Compression wear is designed to be worn in close contact with the body. It should be characterized by elasticity, excellent wearing comfort and lightness. Those attributes are usually achieved by spinning yarns of special functional properties in order to produce the functional compression wear, which will improve self-confidence, exercise ability, athletic performance, blood circulation, energy, physical recovery and reduced muscle fatigue (Watson and Rorke, 2016). In sports sciences, studies on the effects of compression wear indicate that venous pressure decreases when exercising with compression stockings or tights, thus increasing venous blood flow (Miyamoto & Kawakami, 2015; Norris et al., 1984; Partsch & Mosti, 2013). After exercise, muscle damage is reduced, and muscle tremors, vibrations, and pain are reduced to improve the exercise effect (Ali et al., 2007; Bieuzen et al., 2014; Ferguson et al., 2014; Hill et al., 2014). Unlike stockings, leggings are on the rise because of expectations that the lower body will be tightened under constant pressure to compensate for the body shape. However, unlike medical compression stockings, general leggings are not designed with the clothing pressure applied to each body part in mind. Therefore, if leggings are constructed to place constant pressure to every part of the lower extremities, without gradual increase in pressure value, they can interfere with the blood flow from the ankles to the thighs. Diseases such as varicose veins, for example, are particularly common among women.
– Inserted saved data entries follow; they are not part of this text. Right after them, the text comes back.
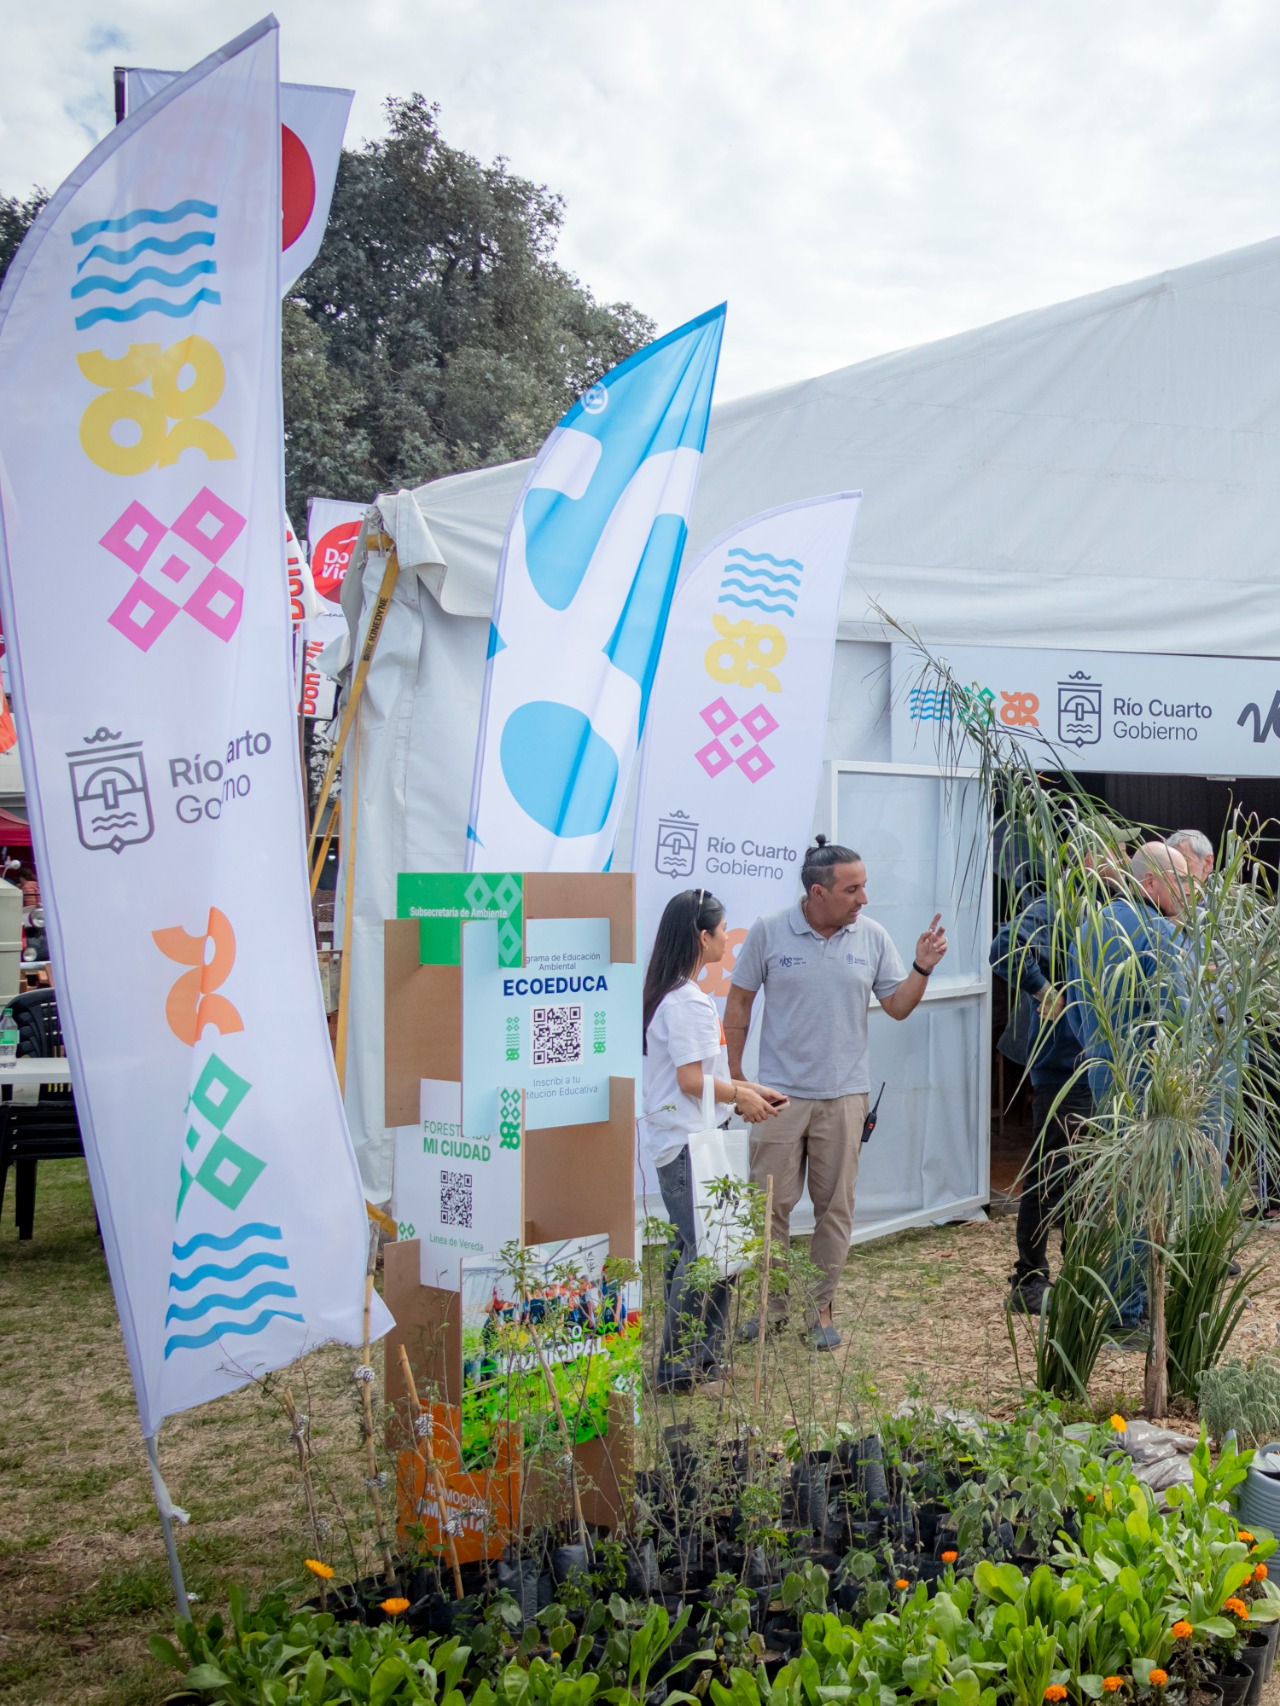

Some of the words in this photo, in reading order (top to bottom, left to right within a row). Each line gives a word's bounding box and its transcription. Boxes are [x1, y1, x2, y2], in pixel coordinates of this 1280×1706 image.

[368, 597, 388, 641] KINEDYNE
[1113, 697, 1143, 716] Río
[1149, 699, 1212, 719] Cuarto
[1113, 721, 1198, 741] Gobierno
[168, 753, 223, 788] Río
[707, 837, 736, 854] Río
[741, 840, 797, 862] Cuarto
[705, 857, 784, 880] Gobierno
[410, 906, 459, 917] Subsecretaría
[460, 908, 470, 917] de
[471, 908, 508, 918] Ambiente
[551, 953, 561, 961] de
[562, 951, 601, 961] Educación
[539, 962, 576, 971] Ambiental
[503, 975, 608, 996] ECOEDUCA
[572, 1076, 581, 1084] tu
[560, 1085, 599, 1096] Educativa
[423, 1137, 438, 1155] MI
[441, 1139, 491, 1162] CIUDAD
[449, 1237, 457, 1247] de
Compression stockings are often the first line of treatment and come in a variety of lengtThs and apply different pressures to support the flow of blood in the veins (Knight, 2021; Yvette, 2017). Medical compression stockings are effective in treating varicose veins by reducing or closing the diameter of the lower extremities or deep vein to prevent blood reflux (Partsch & Partsch, 2005; Partsch et al., 2002; Sarin et al., 1992), and depending on the symptoms, physician can prescribe medical compression stockings by adjusting the stiffness.
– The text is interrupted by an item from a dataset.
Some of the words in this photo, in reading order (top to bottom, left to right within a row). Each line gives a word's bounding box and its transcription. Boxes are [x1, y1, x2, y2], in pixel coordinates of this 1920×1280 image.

Clothing pressure is pressure provided by the clothing in close contact to a body part. Clothing pressure affects the physiological functions of the human body depending on the degree of pressure on it. Clothing pressure with appropriate levels of pressure on the human body improves the wearing sensation of the garment and facilitates physical activity (Mosti, 2012; Partsch et al., 2012; Shim & Choi, 1991). Excessive clothing pressure, however, gradually decreases blood flow and causes muscle fatigue and blood flow disorders (Tanaka et al., 2006). As such, even if the bodily motor-function are improved by compression garment worn over the body, constructing the functional compression clothing items with improper pressure value distribute across the body may cause more harm than health benefit. Therefore, the women exercise leggings should be designed by applying gradual pressure over the lower limbs in order to achieve characteristics similar to medical compression stockings.
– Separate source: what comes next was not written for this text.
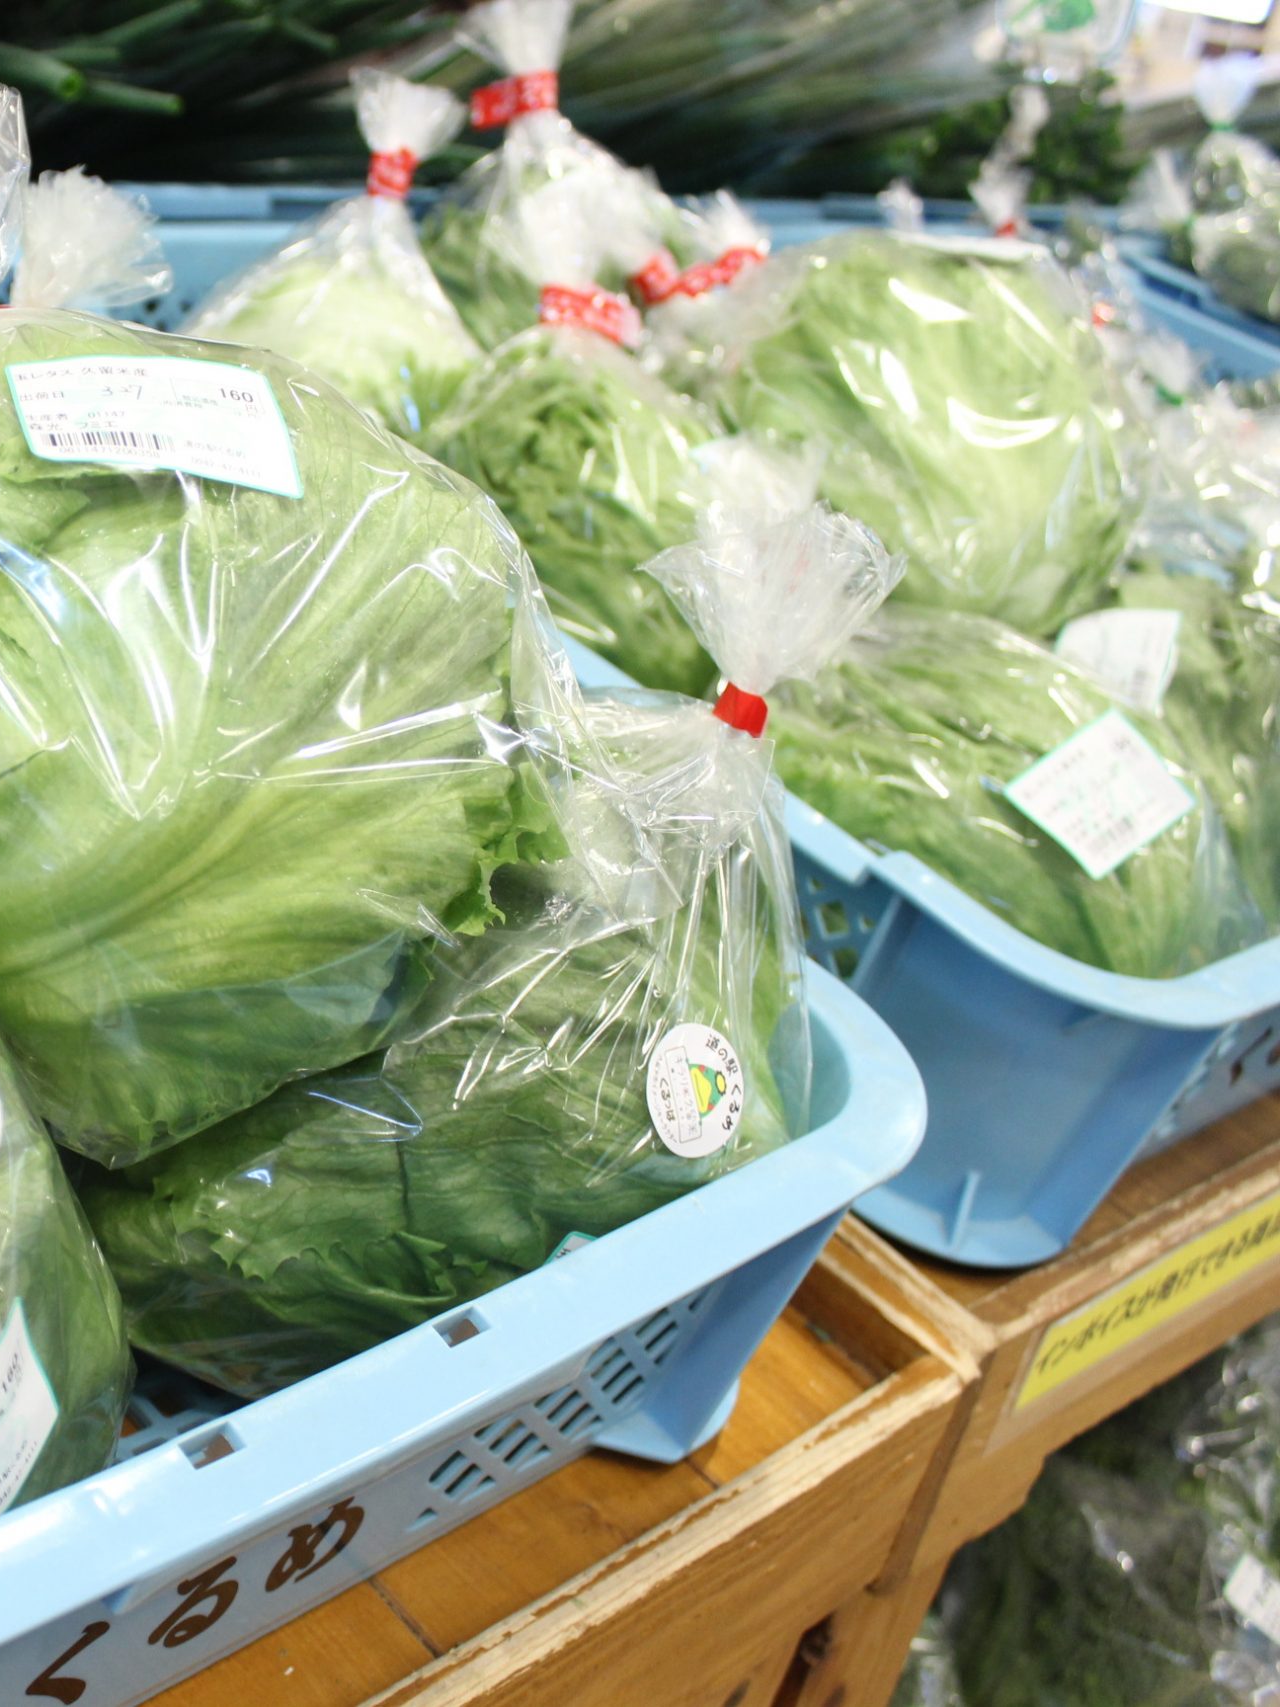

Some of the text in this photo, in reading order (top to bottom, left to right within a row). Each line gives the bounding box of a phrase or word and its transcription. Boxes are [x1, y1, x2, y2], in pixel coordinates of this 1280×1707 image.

[219, 386, 255, 404] 160
[25, 1496, 365, 1706] くるめ
Some countries, such as the United States, Europe, the United Kingdom, Germany, and France, have standards for pressure classes for medical compression stockings (Do & Kim, 2013; Iwama et al., 2000; Macrae et al., 2011). The standard for medical compression stockings defines how they are classified, based on which compression stockings are manufactured. In addition, the European Committee for Standardization (ENV, 12718:2001, 2001) stated that the intensity of pressure on each leg area is based on the pressure on the ankle circumference. Medical compression stockings are manufactured by using pressure-class criteria to anticipate therapeutic effectiveness and performance in production. However, compression wear such as leggings differ from medical compression stockings in terms of the target audience, purpose of wearing, and expected product functions. Therefore, it may be difficult to apply the pressure class of medical compression stockings to compression leggings.
Previous studies related to leggings are limited to design and pattern development (Gozde & Sinem, 2019; Hwang & Choi, 2014; Pettys-Baker et al., 2017). In addition, most of the studies of compression bottoms are also related to exercise performance (Bringard et al., 2006; Hill et al., 2014; Liu & Little, 2009; Perrey et al., 2008; Rugg & Sternlicht, 2013) and physical recovery (Duffield and Portus, 2007; Trenell et al., 2006) when wearing shorts pants. There is a lack of research on pressure provided by the clothing in close contact to a body part, especially when considering athleisure leggings that cover the entire lower extremities from the waist to the ankle. Therefore, this study aims to provide basic data for the development and sizing system of gradual compression leggings by measuring the value and distribution of clothing pressure applied over the lower extremities.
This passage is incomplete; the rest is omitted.